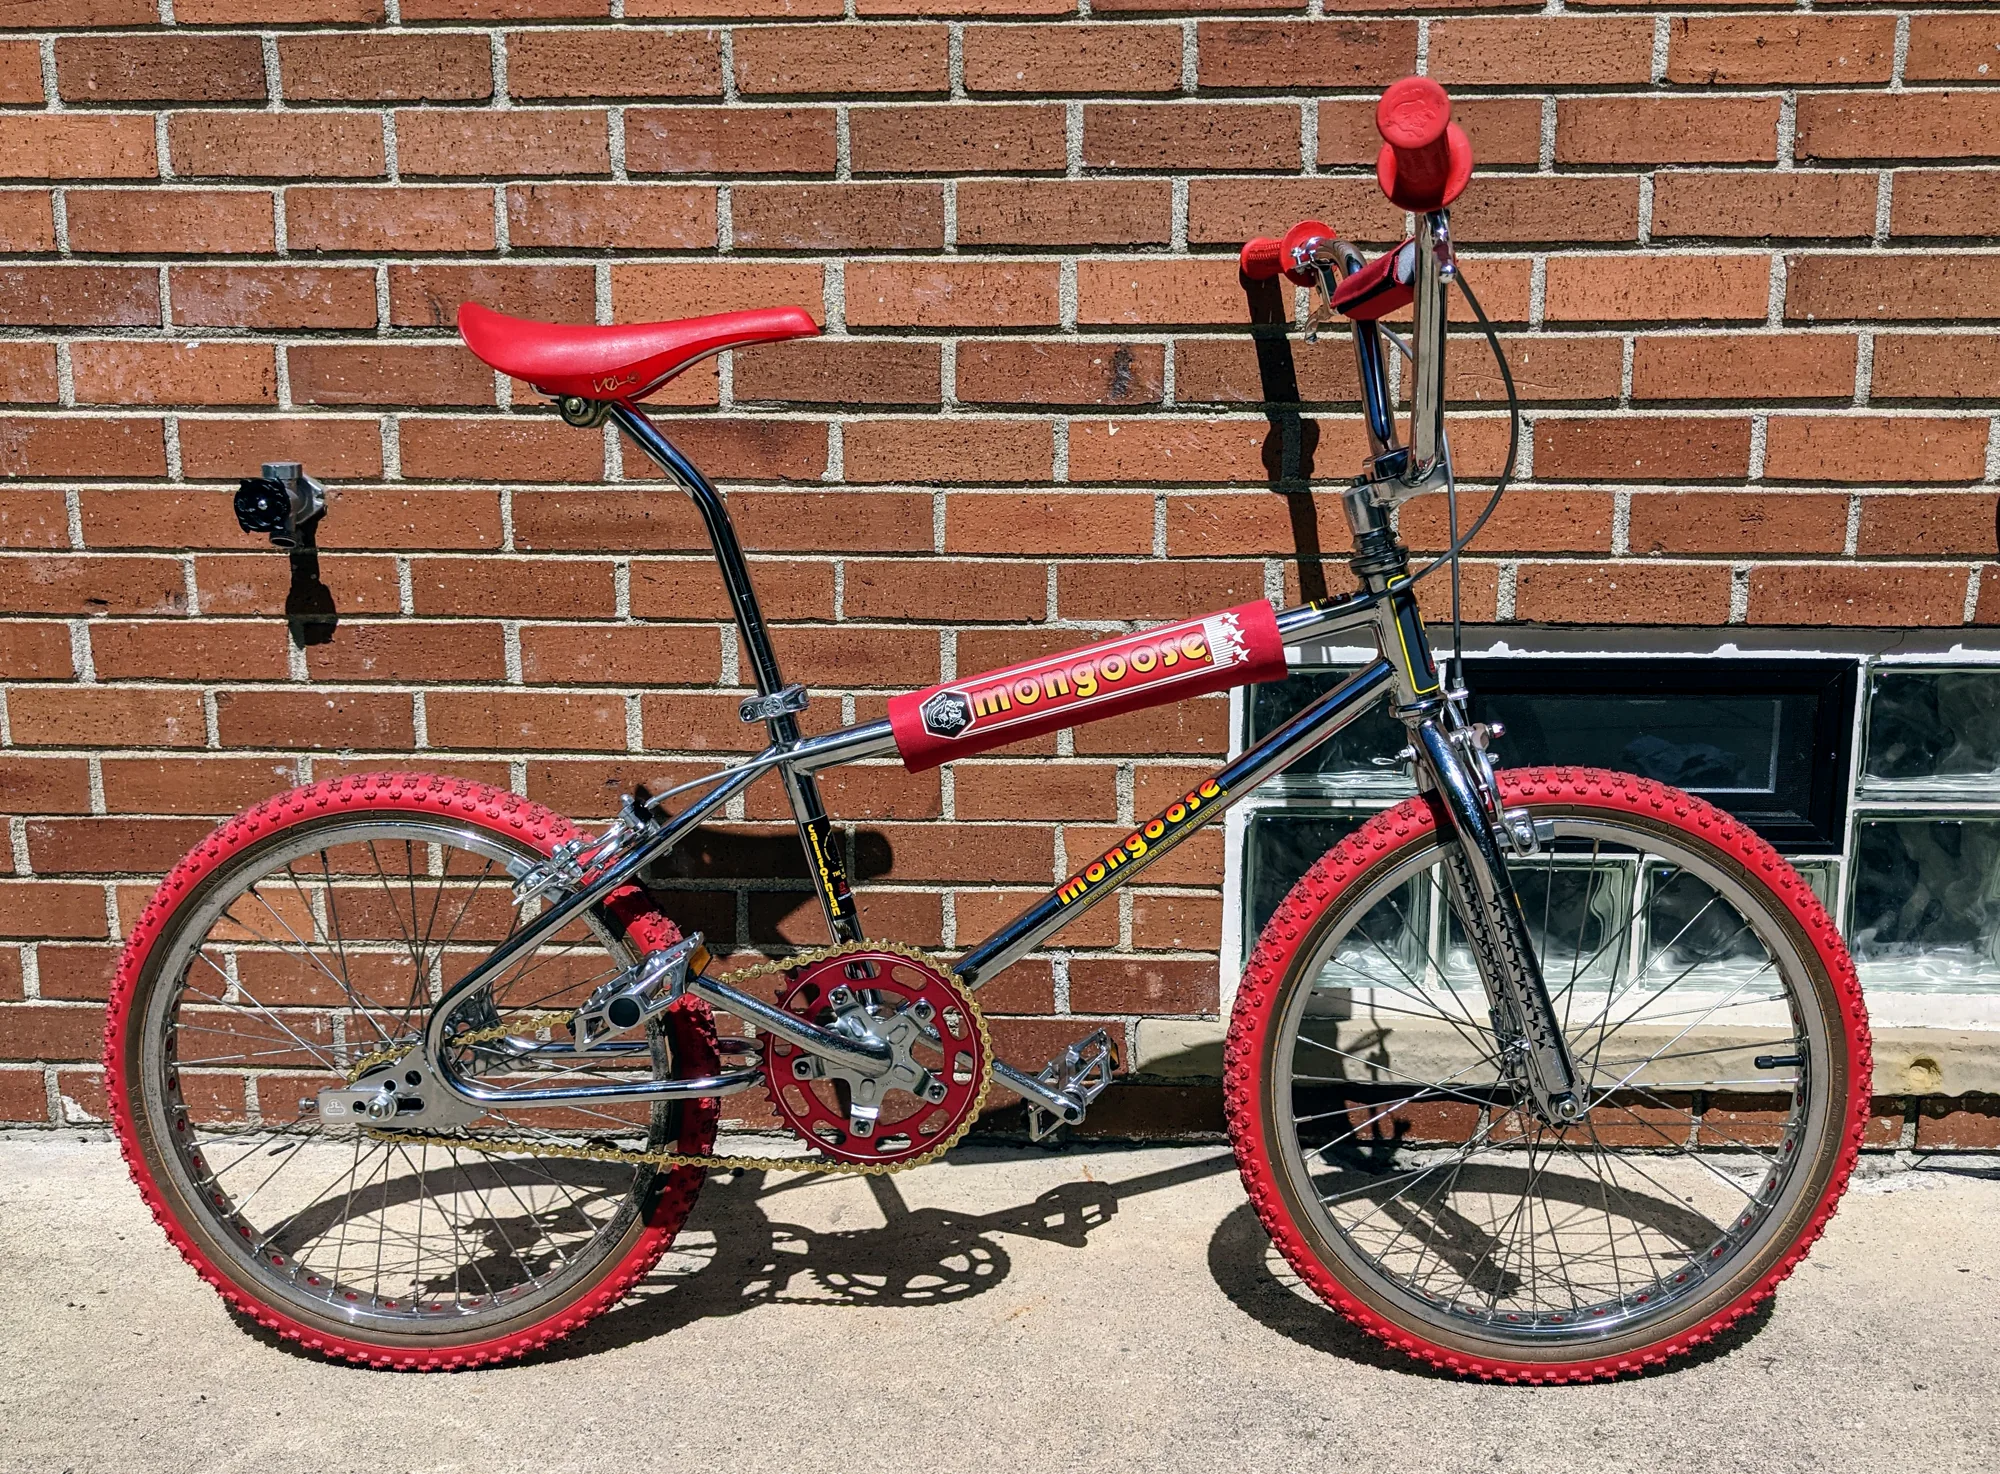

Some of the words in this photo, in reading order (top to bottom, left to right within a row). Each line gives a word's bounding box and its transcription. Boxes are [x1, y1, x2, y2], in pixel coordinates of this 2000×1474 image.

[973, 632, 1209, 717] mongoose
[807, 824, 841, 917] californian
[1056, 778, 1221, 905] mongoose
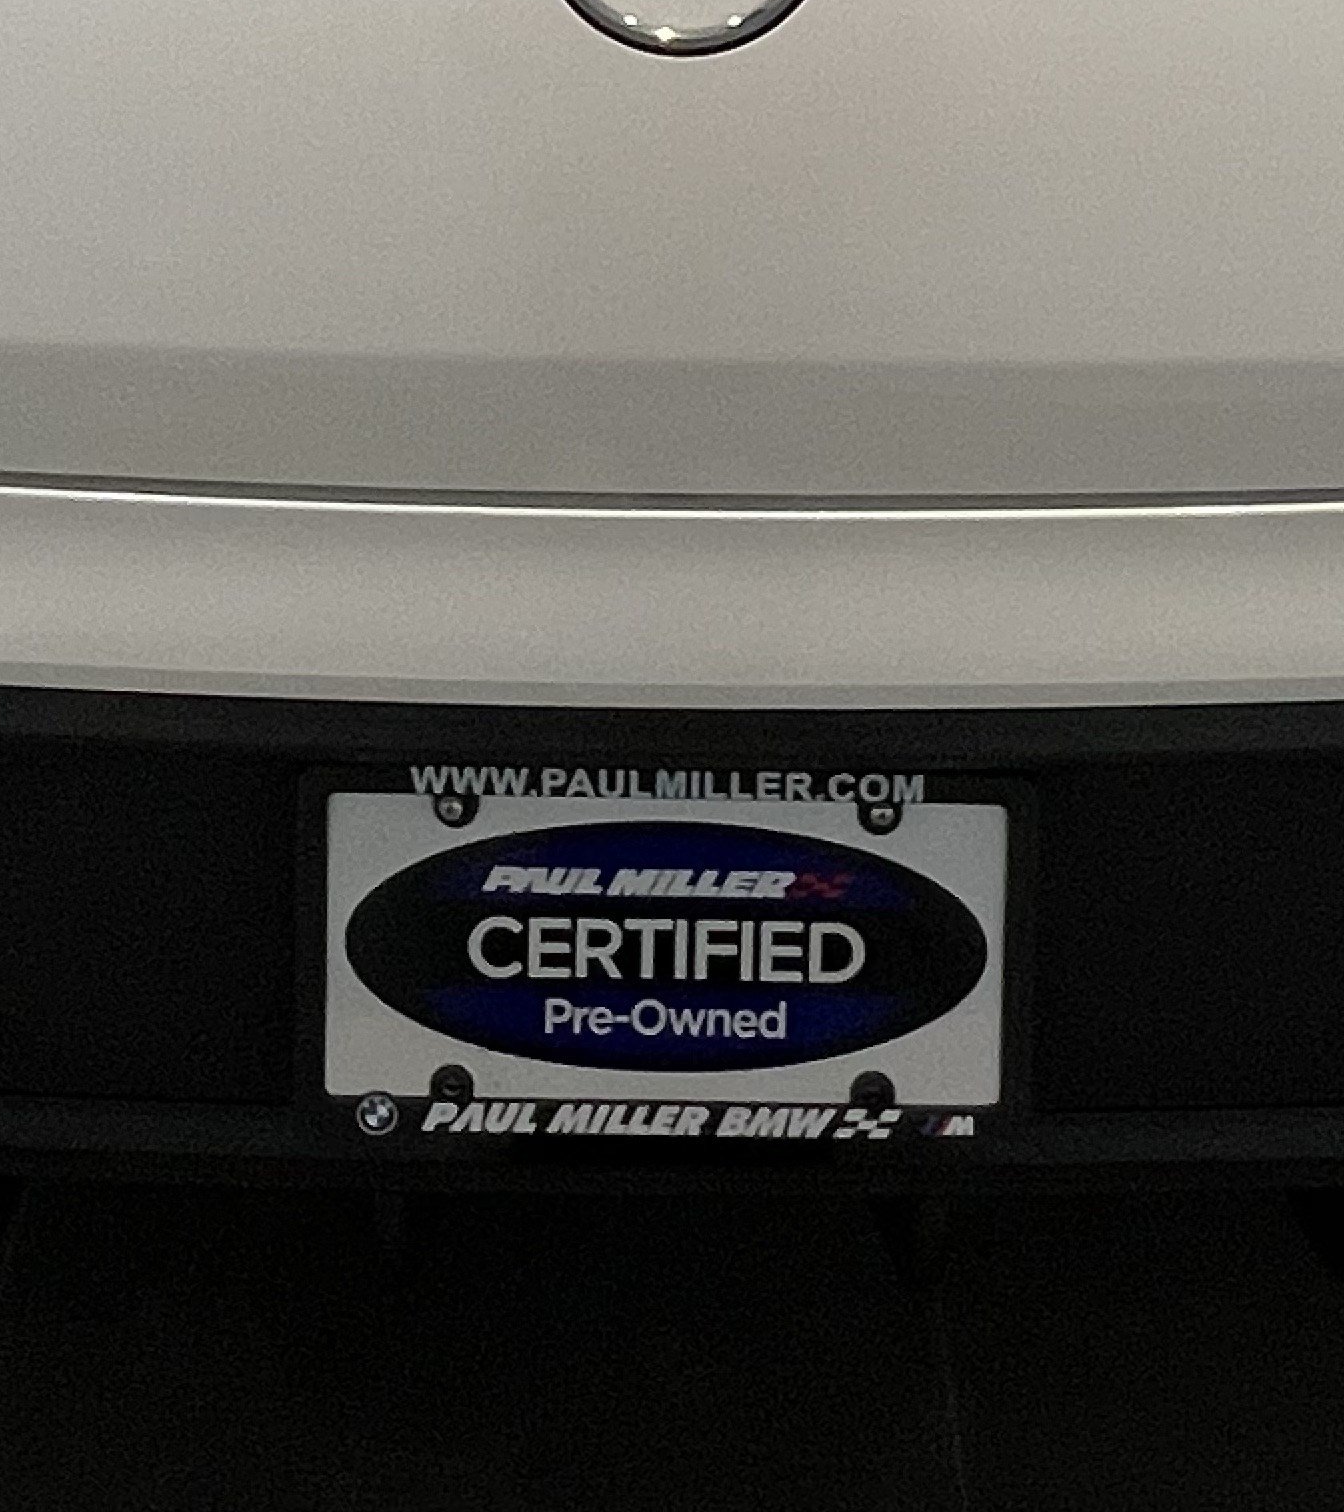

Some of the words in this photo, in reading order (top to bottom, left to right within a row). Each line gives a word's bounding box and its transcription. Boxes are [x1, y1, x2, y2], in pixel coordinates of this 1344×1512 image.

# # #

**Exercise**
The pictures should be dropped, and every line above should be set down again exactly.

**Response for this exercise**
Some of the words in this photo, in reading order (top to bottom, left to right within a row). Each line gives a word's bounding box and its transcription. Boxes are [x1, y1, x2, y2], in pixel coordinates of this 2000×1474 image.

[973, 632, 1209, 717] mongoose
[807, 824, 841, 917] californian
[1056, 778, 1221, 905] mongoose

Some of the words in this photo, in reading order (top to bottom, left to right within a row). Each line gives a word's bounding box and its transcription. Boxes are [x1, y1, x2, y2], in pixel coordinates of this 1344×1512 image.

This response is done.